# How can i get rid of my tan?



## Gleep (Aug 21, 2005)

After a lovely holiday, I have come back with a tan that makes me look really yellow! I'm naturally pale skinned, but now i just look like a Simpson! It really doesn't suit me! I was wondering if there's any way i could get rid of it bar waiting for it to fade? Any help would be appreciated!

Luv an kisses Gleep
xxx


----------



## rouquinne (Aug 21, 2005)

you're stuck waiting for it to fade.

help it along by exfoliating thoroughly every day - and moisturize well.


----------



## Gleep (Aug 21, 2005)

Quote:

   Originally Posted by *rouquinne* 
_you're stuck waiting for it to fade.

help it along by exfoliating thoroughly every day - and moisturize well._

 
Thanks, i'll buy an exfoliator too that might help, any recomendations?


----------



## x_GlAmOuR_GaL_x (Aug 21, 2005)

ya exfoliate your skin, that will make it fade alot faster


----------



## missunderstood (Aug 21, 2005)

Maybe something like St. Ives?


----------



## rouquinne (Aug 22, 2005)

a loofah sponge should do the trick nicely.


----------



## Shawna (Aug 22, 2005)

Exfoliating helps.  I love Totally Juicy lime foaming face scrub.  Walmart carries it and it is really cheap.


----------



## Lo-Fi_Thriller (Aug 23, 2005)

stay inside honey. and scrub hard with that loofa! i used to be a NC35 now i dropped down to a NC25/20 (which is my orig start )


----------



## jess98765 (Aug 23, 2005)

Loads of vitamin D (i think) filled products, aloe vera substances to help heal the damage to your skin. Definitely a good exfoliator etc....
Hope you turn out alright in the end- i'm sure it doen't look too bad!!


----------



## almondeyez81 (Aug 25, 2005)

try glycolic acid, and stay inside or away from the sun for a couple of weeks, also dont scrub your face off, because too much mechanical exfoliation can tear your skin and make it look rough.So be careful and please dont use st.ives apricot scrub!(eek!) anything with microbeads or chemical exfoliation (glycolics).and it will fade.


----------



## ambidextrous (Aug 26, 2005)

Biotherm Hydra Detox Mousse, has very fine particles to it, I use it twice every day.

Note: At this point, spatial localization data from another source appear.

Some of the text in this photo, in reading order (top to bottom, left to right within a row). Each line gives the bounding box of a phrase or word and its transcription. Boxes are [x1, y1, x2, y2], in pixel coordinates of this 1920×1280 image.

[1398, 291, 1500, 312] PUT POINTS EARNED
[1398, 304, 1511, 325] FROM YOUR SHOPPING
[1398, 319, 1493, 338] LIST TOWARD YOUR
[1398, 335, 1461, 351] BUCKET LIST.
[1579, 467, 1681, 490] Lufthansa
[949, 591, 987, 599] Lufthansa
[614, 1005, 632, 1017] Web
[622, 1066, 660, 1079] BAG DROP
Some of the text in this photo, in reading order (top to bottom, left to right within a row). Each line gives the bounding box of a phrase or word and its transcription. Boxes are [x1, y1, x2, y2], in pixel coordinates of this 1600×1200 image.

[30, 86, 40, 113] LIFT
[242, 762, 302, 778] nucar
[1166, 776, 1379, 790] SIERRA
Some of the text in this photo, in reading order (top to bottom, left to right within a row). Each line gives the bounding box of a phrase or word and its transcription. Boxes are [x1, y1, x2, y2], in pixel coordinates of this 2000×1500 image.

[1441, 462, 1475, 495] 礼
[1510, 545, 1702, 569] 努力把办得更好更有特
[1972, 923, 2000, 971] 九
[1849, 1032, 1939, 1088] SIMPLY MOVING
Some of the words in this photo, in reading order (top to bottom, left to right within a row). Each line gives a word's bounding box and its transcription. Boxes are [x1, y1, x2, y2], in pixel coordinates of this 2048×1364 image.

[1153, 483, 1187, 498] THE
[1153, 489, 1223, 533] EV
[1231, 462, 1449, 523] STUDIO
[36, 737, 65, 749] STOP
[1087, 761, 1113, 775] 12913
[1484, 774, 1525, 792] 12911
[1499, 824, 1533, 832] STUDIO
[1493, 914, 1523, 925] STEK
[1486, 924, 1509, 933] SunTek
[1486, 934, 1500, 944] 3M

Get a good sunblock (with Mexoryl, like Biotherm, L'Oreal or Lancome and at least SPF30). 

And don't forget: you can also tan under an umbrella (reflexion from the ground, buildings...) and UV-rays will come through cloudes...


----------



## MACreation (Sep 1, 2005)

huh ...well this explains why i keep losing my tan..., i love exfoliating.......damnit!! GRRRRRRRRRR


----------



## Whit2389 (Sep 4, 2005)

Exfoliate, moisturize, wear lots of sunblock, use a scrub..


----------



## xiahe (Sep 11, 2005)

stay out of the sun, and exfoliate.


----------